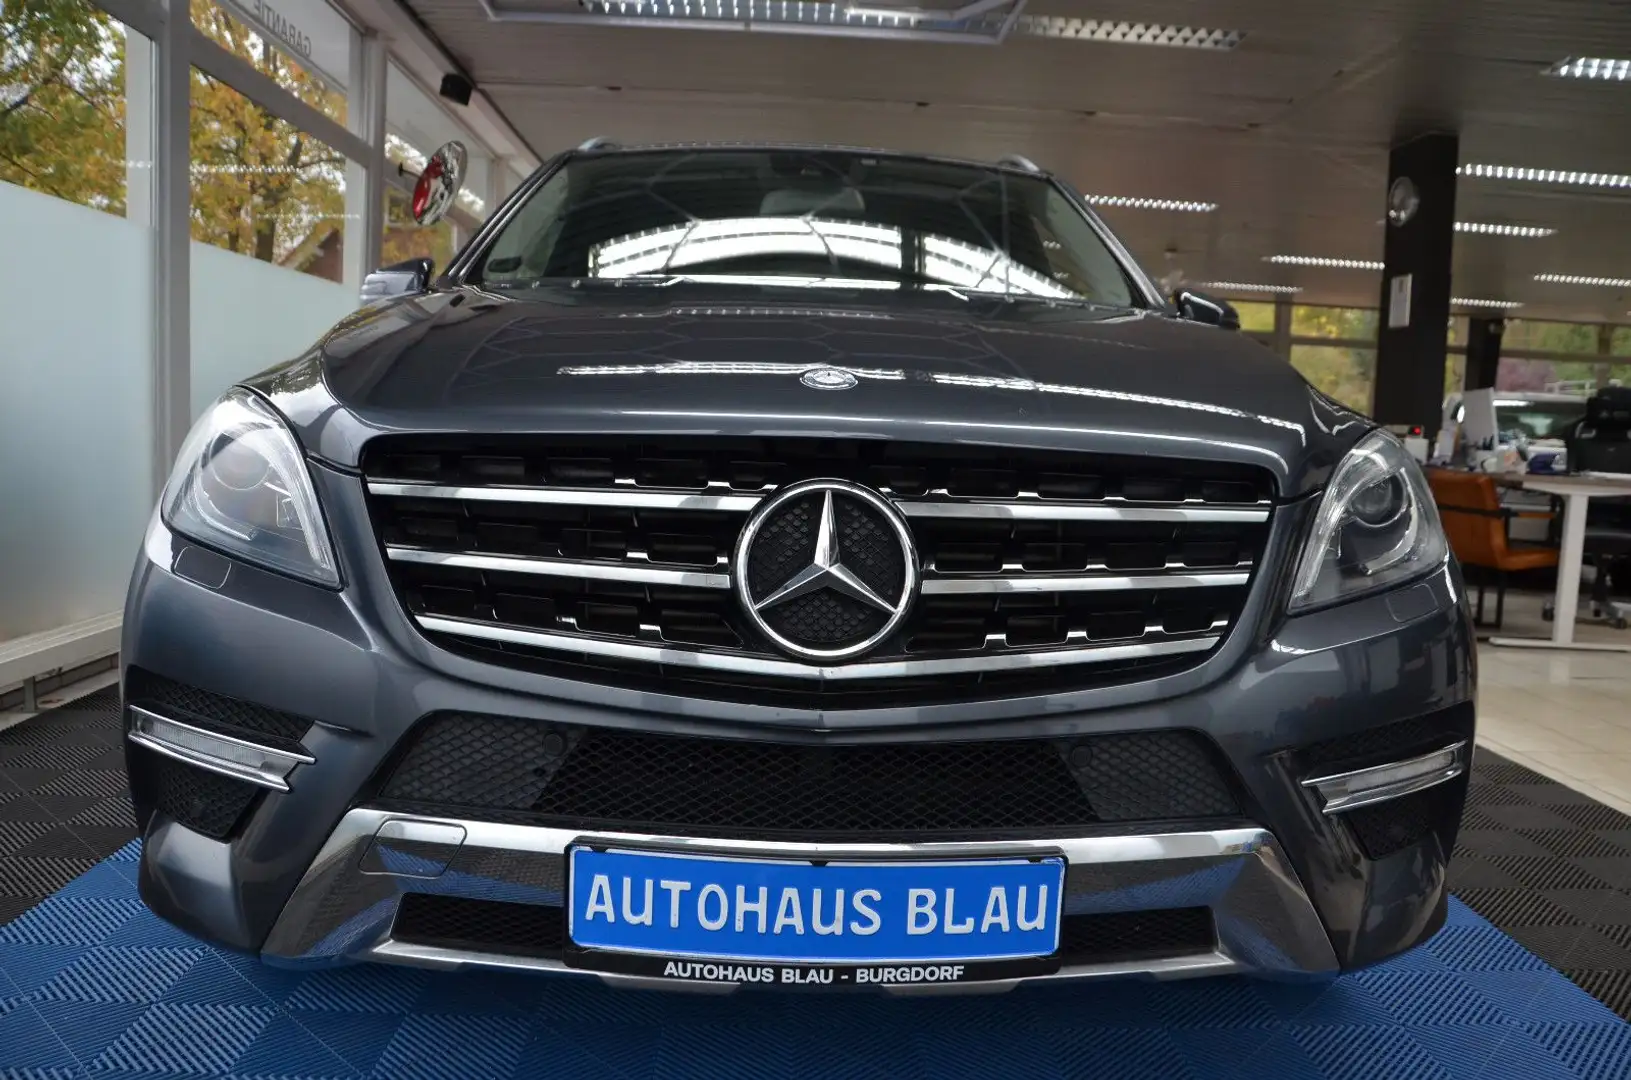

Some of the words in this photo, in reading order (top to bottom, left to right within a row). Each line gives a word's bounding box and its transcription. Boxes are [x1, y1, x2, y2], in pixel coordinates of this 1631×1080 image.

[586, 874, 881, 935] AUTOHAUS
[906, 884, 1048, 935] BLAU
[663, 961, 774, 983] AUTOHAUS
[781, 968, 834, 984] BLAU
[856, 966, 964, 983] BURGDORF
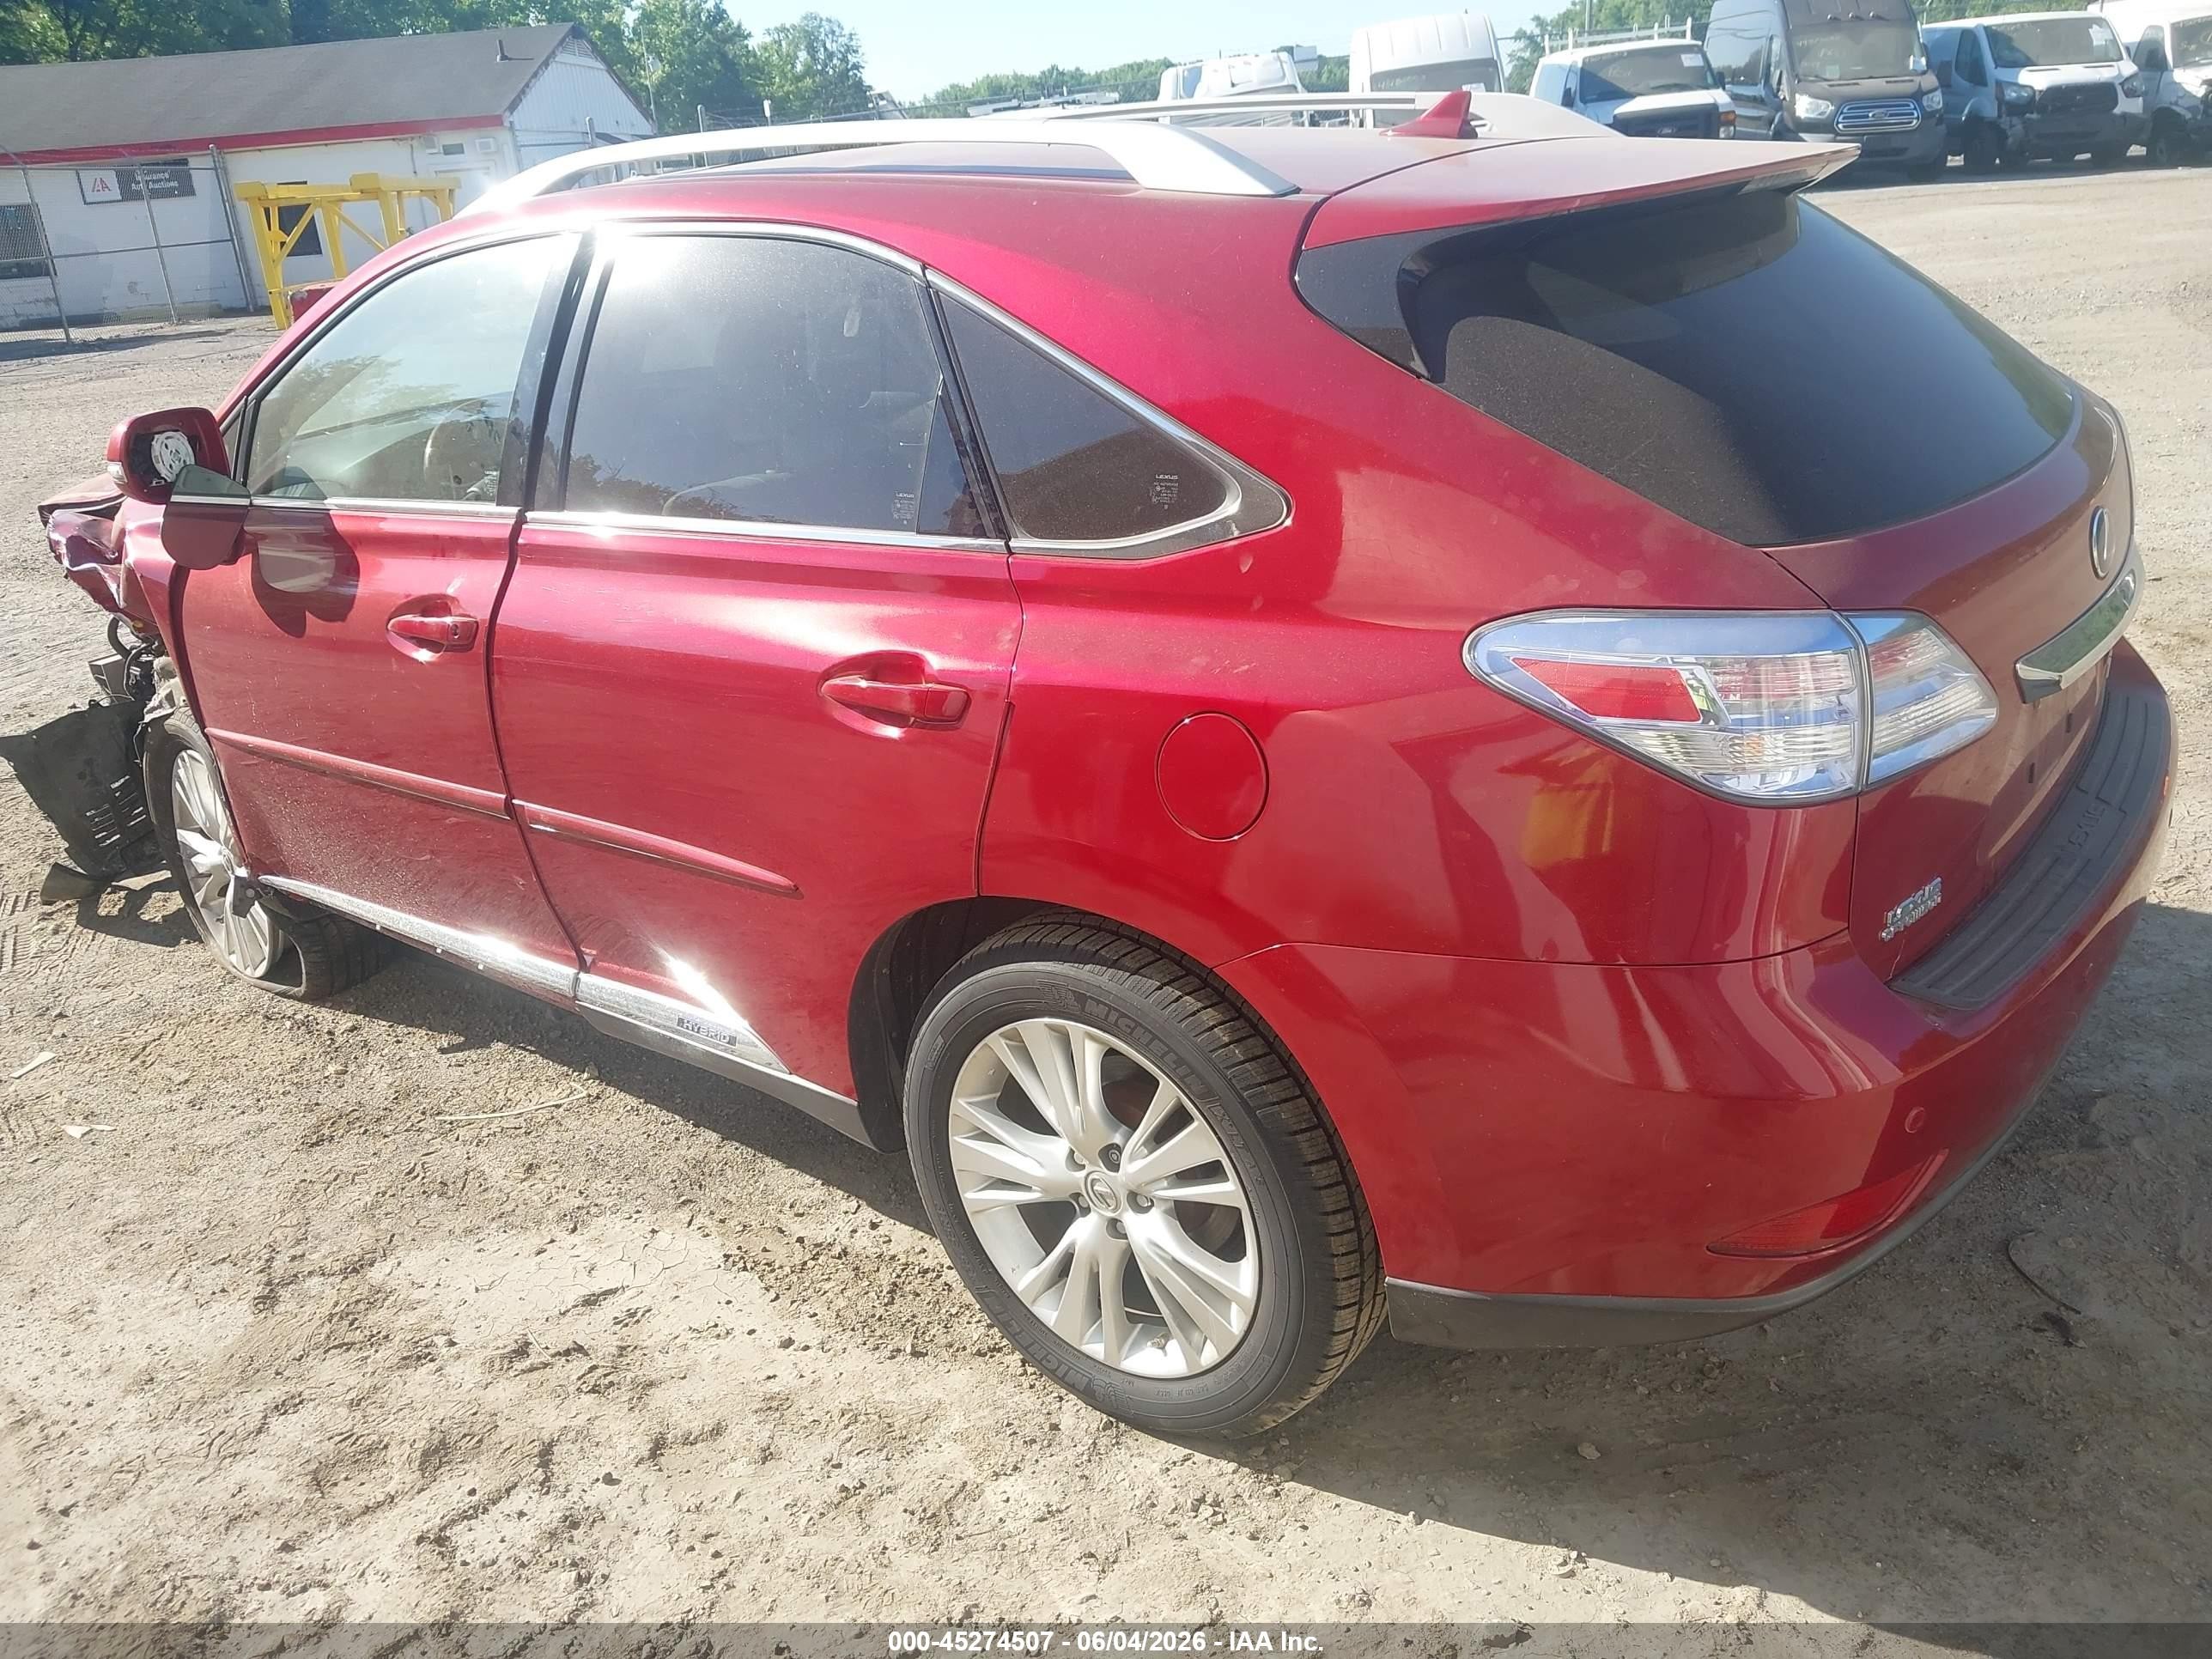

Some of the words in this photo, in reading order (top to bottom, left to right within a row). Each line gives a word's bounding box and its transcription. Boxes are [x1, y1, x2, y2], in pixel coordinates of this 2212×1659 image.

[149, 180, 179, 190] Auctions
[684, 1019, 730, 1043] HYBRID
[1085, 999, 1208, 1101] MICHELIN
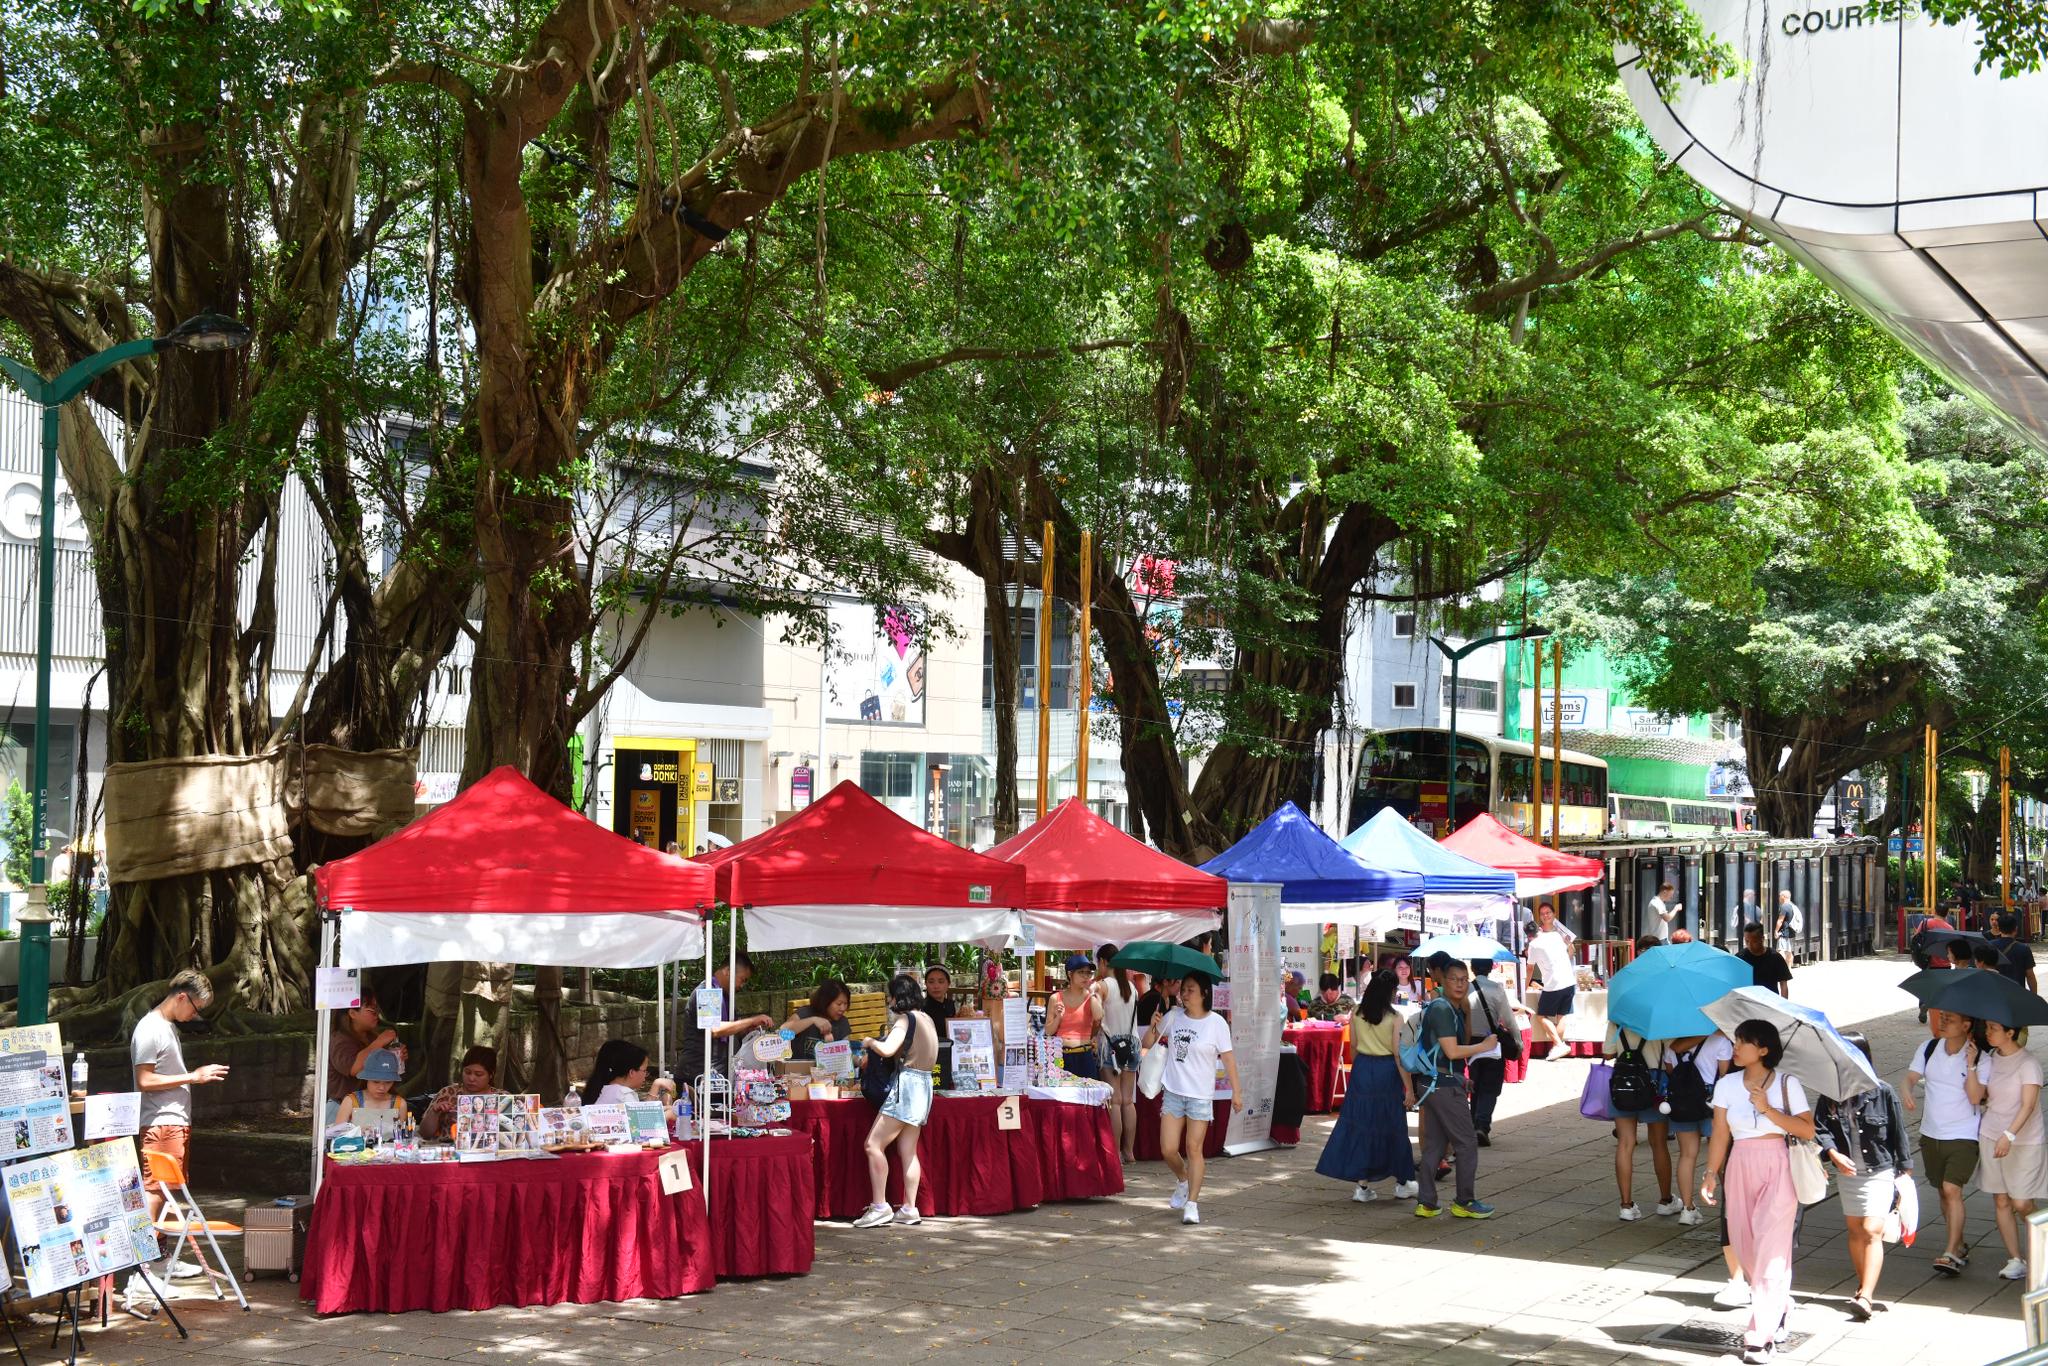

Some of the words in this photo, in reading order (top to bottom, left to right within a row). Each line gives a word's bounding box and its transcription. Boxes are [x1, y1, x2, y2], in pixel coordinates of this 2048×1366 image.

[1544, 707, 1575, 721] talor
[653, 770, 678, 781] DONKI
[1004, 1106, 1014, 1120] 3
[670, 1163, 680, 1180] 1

_Task to complete:_ Each entry above is to be restated exactly, without its images.

_Solution to the exercise:_
Some of the words in this photo, in reading order (top to bottom, left to right within a row). Each line gives a word's bounding box and its transcription. Boxes are [x1, y1, x2, y2], in pixel coordinates of this 1631×1080 image.

[586, 874, 881, 935] AUTOHAUS
[906, 884, 1048, 935] BLAU
[663, 961, 774, 983] AUTOHAUS
[781, 968, 834, 984] BLAU
[856, 966, 964, 983] BURGDORF

Some of the words in this photo, in reading order (top to bottom, left to right within a row). Each line gives a word's bounding box and its transcription. Boxes are [x1, y1, x2, y2], in pixel coordinates of this 2212×1659 image.

[149, 180, 179, 190] Auctions
[684, 1019, 730, 1043] HYBRID
[1085, 999, 1208, 1101] MICHELIN

Some of the words in this photo, in reading order (top to bottom, left to right within a row). Each line gives a word's bounding box and its transcription. Boxes are [x1, y1, x2, y2], in pixel coordinates of this 2048×1366 image.

[1544, 707, 1575, 721] talor
[653, 770, 678, 781] DONKI
[1004, 1106, 1014, 1120] 3
[670, 1163, 680, 1180] 1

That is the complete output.